Goal of the exercise: Write the records below out in full, character for character, with no pictures.

Input:
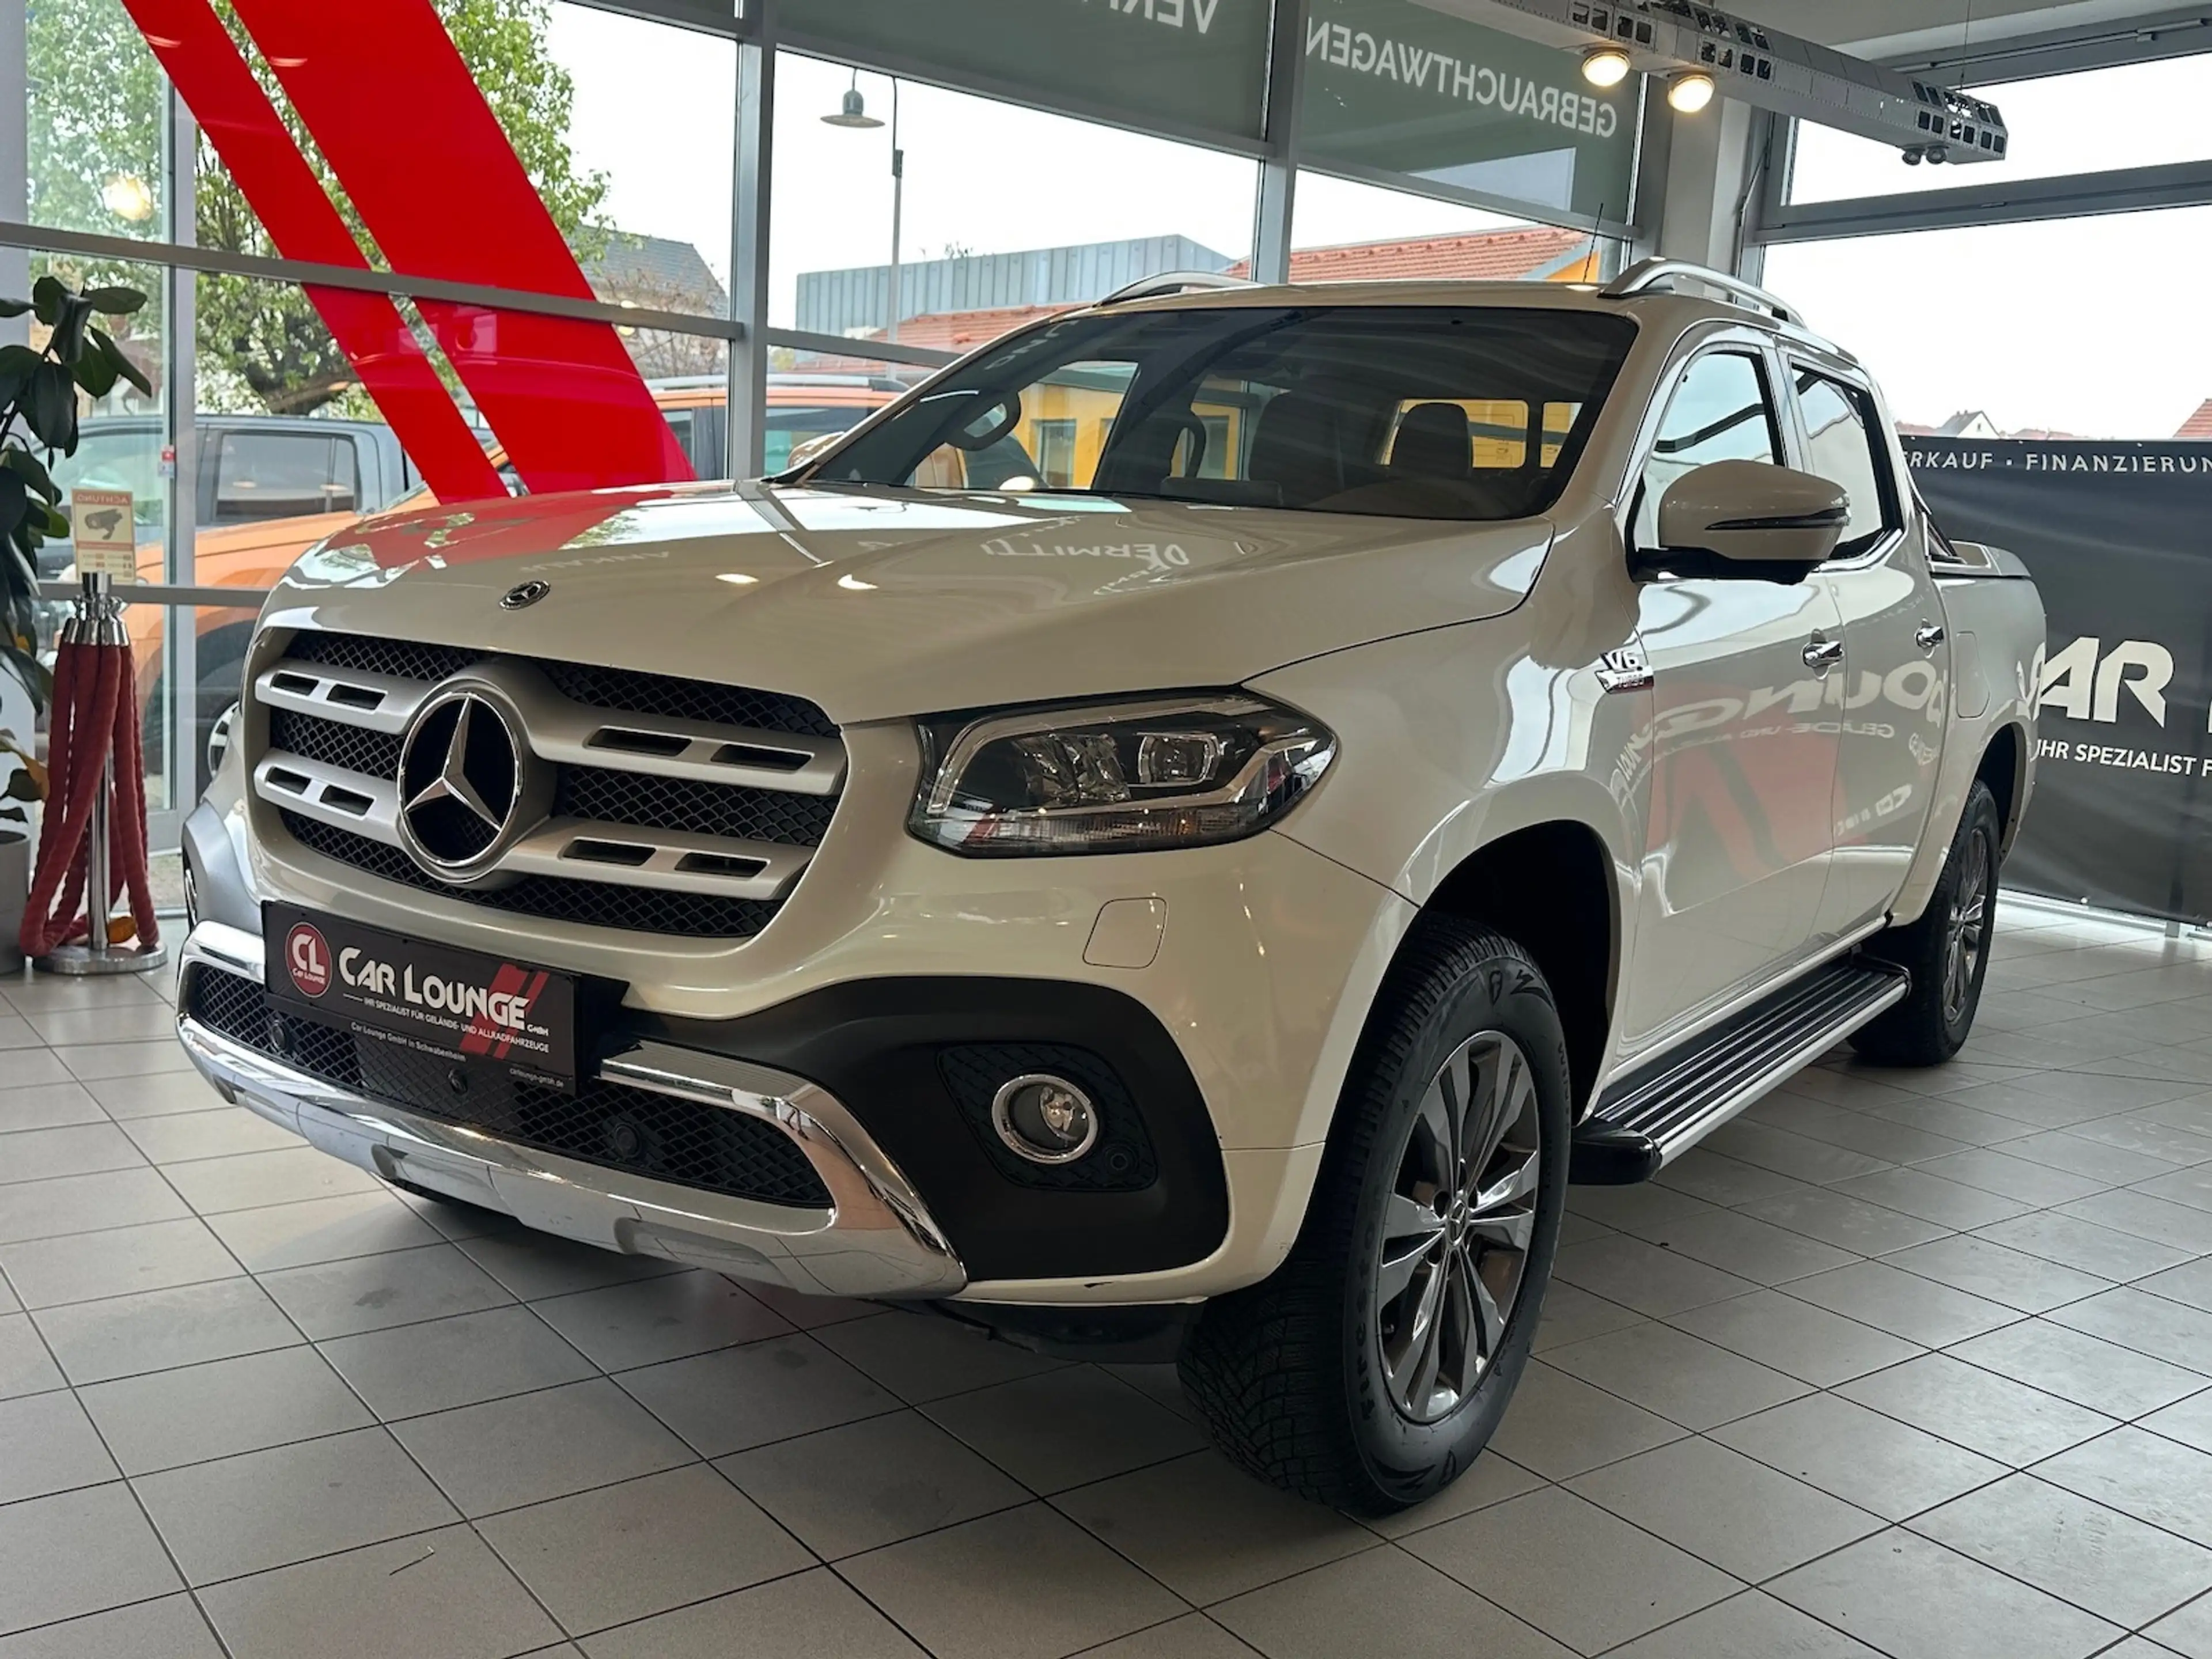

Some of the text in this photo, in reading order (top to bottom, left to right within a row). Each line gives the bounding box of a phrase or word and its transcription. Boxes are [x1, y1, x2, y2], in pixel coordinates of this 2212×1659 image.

[1903, 450, 1994, 469] RKAUF
[1604, 651, 1640, 671] V6
[2074, 743, 2196, 775] SPEZIALIST
[292, 933, 325, 975] CL
[339, 947, 396, 997] CAR
[404, 964, 530, 1030] LOUNGE
[350, 1021, 362, 1032] Car
[363, 1025, 386, 1041] Lounge
[387, 1032, 407, 1046] GmbH
[415, 1041, 467, 1062] Schwabenheim
[363, 997, 550, 1053] IHR SPEZIALIST FÜR GELÄNDE- UND ALLRADFAHRZEUGE
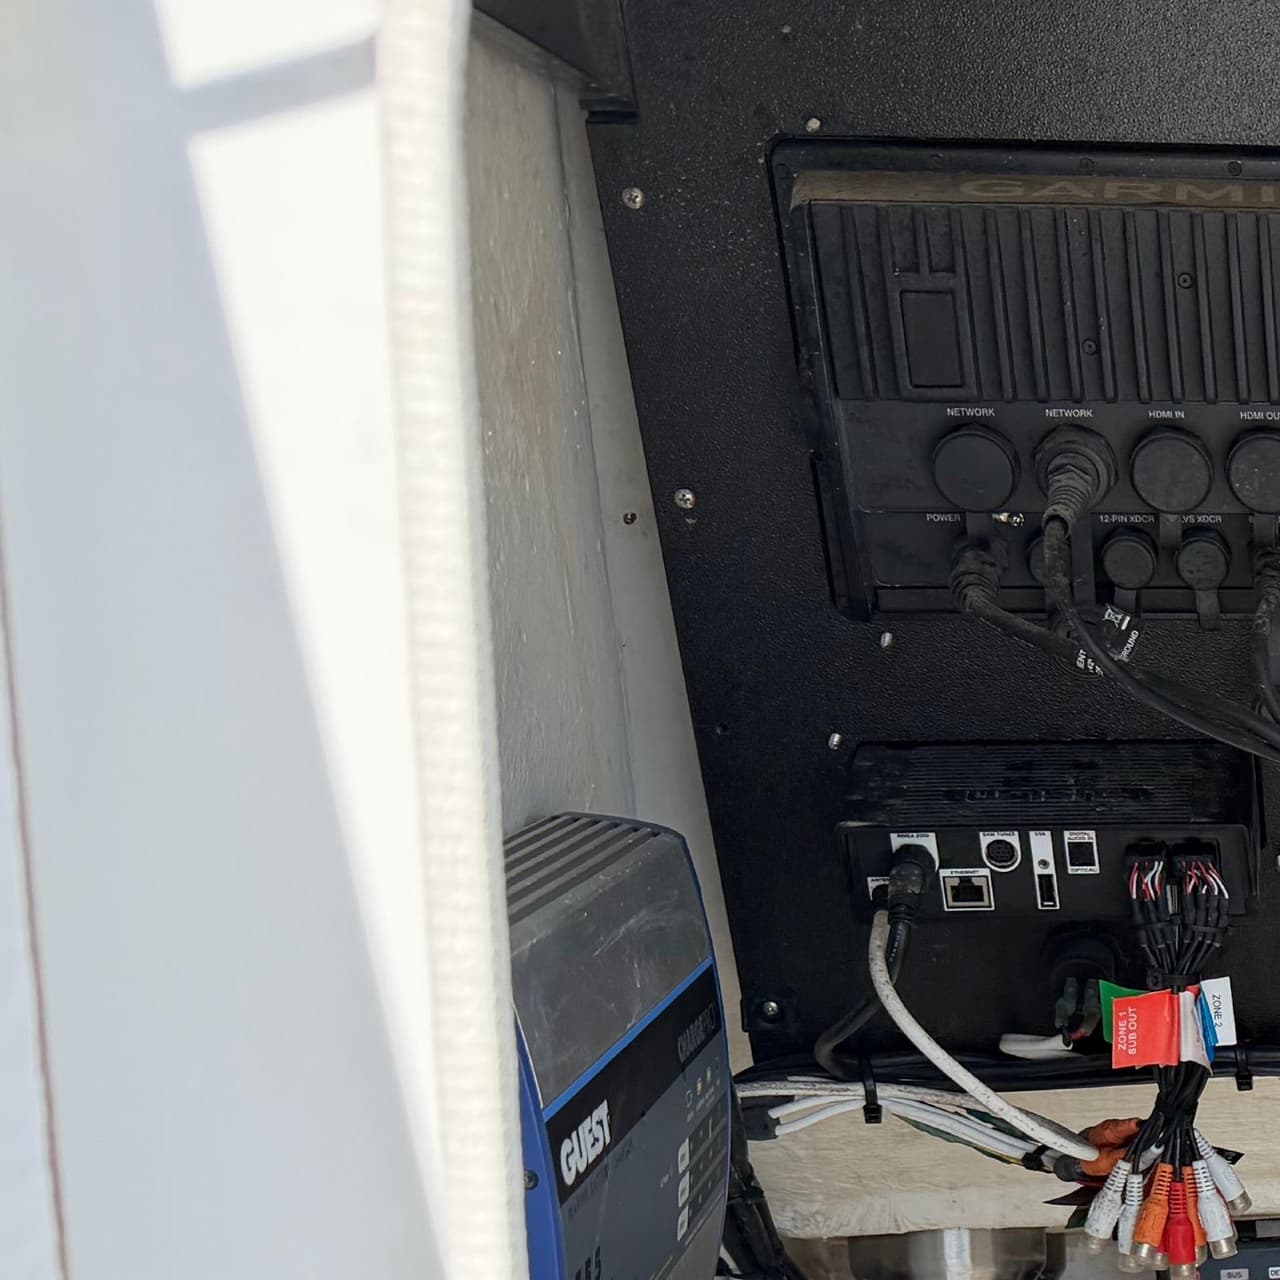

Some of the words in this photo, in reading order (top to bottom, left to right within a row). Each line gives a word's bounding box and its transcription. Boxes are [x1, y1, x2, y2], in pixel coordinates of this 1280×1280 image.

[946, 407, 996, 417] NETWORK
[1045, 408, 1094, 418] NETWORK
[1148, 410, 1173, 419] HDMI
[1174, 410, 1185, 419] IN
[1240, 411, 1264, 421] HDMI
[926, 513, 961, 522] POWER
[1099, 515, 1128, 524] 12-PIN
[1128, 515, 1155, 524] XDCR
[1197, 515, 1222, 524] XDCR
[1119, 630, 1139, 661] ROUND
[1213, 993, 1223, 1020] ZONE
[1128, 1006, 1137, 1030] OUT
[1118, 1019, 1127, 1051] ZONE
[1128, 1033, 1137, 1055] SUB
[560, 1098, 611, 1186] GUEST
[1226, 1271, 1243, 1280] BUS

Response to the task:
Some of the text in this photo, in reading order (top to bottom, left to right within a row). Each line gives the bounding box of a phrase or word and its transcription. Boxes are [x1, y1, x2, y2], in pixel coordinates of this 2212×1659 image.

[1903, 450, 1994, 469] RKAUF
[1604, 651, 1640, 671] V6
[2074, 743, 2196, 775] SPEZIALIST
[292, 933, 325, 975] CL
[339, 947, 396, 997] CAR
[404, 964, 530, 1030] LOUNGE
[350, 1021, 362, 1032] Car
[363, 1025, 386, 1041] Lounge
[387, 1032, 407, 1046] GmbH
[415, 1041, 467, 1062] Schwabenheim
[363, 997, 550, 1053] IHR SPEZIALIST FÜR GELÄNDE- UND ALLRADFAHRZEUGE

Some of the words in this photo, in reading order (top to bottom, left to right within a row). Each line gives a word's bounding box and its transcription. Boxes are [x1, y1, x2, y2], in pixel coordinates of this 1280×1280 image.

[946, 407, 996, 417] NETWORK
[1045, 408, 1094, 418] NETWORK
[1148, 410, 1173, 419] HDMI
[1174, 410, 1185, 419] IN
[1240, 411, 1264, 421] HDMI
[926, 513, 961, 522] POWER
[1099, 515, 1128, 524] 12-PIN
[1128, 515, 1155, 524] XDCR
[1197, 515, 1222, 524] XDCR
[1119, 630, 1139, 661] ROUND
[1213, 993, 1223, 1020] ZONE
[1128, 1006, 1137, 1030] OUT
[1118, 1019, 1127, 1051] ZONE
[1128, 1033, 1137, 1055] SUB
[560, 1098, 611, 1186] GUEST
[1226, 1271, 1243, 1280] BUS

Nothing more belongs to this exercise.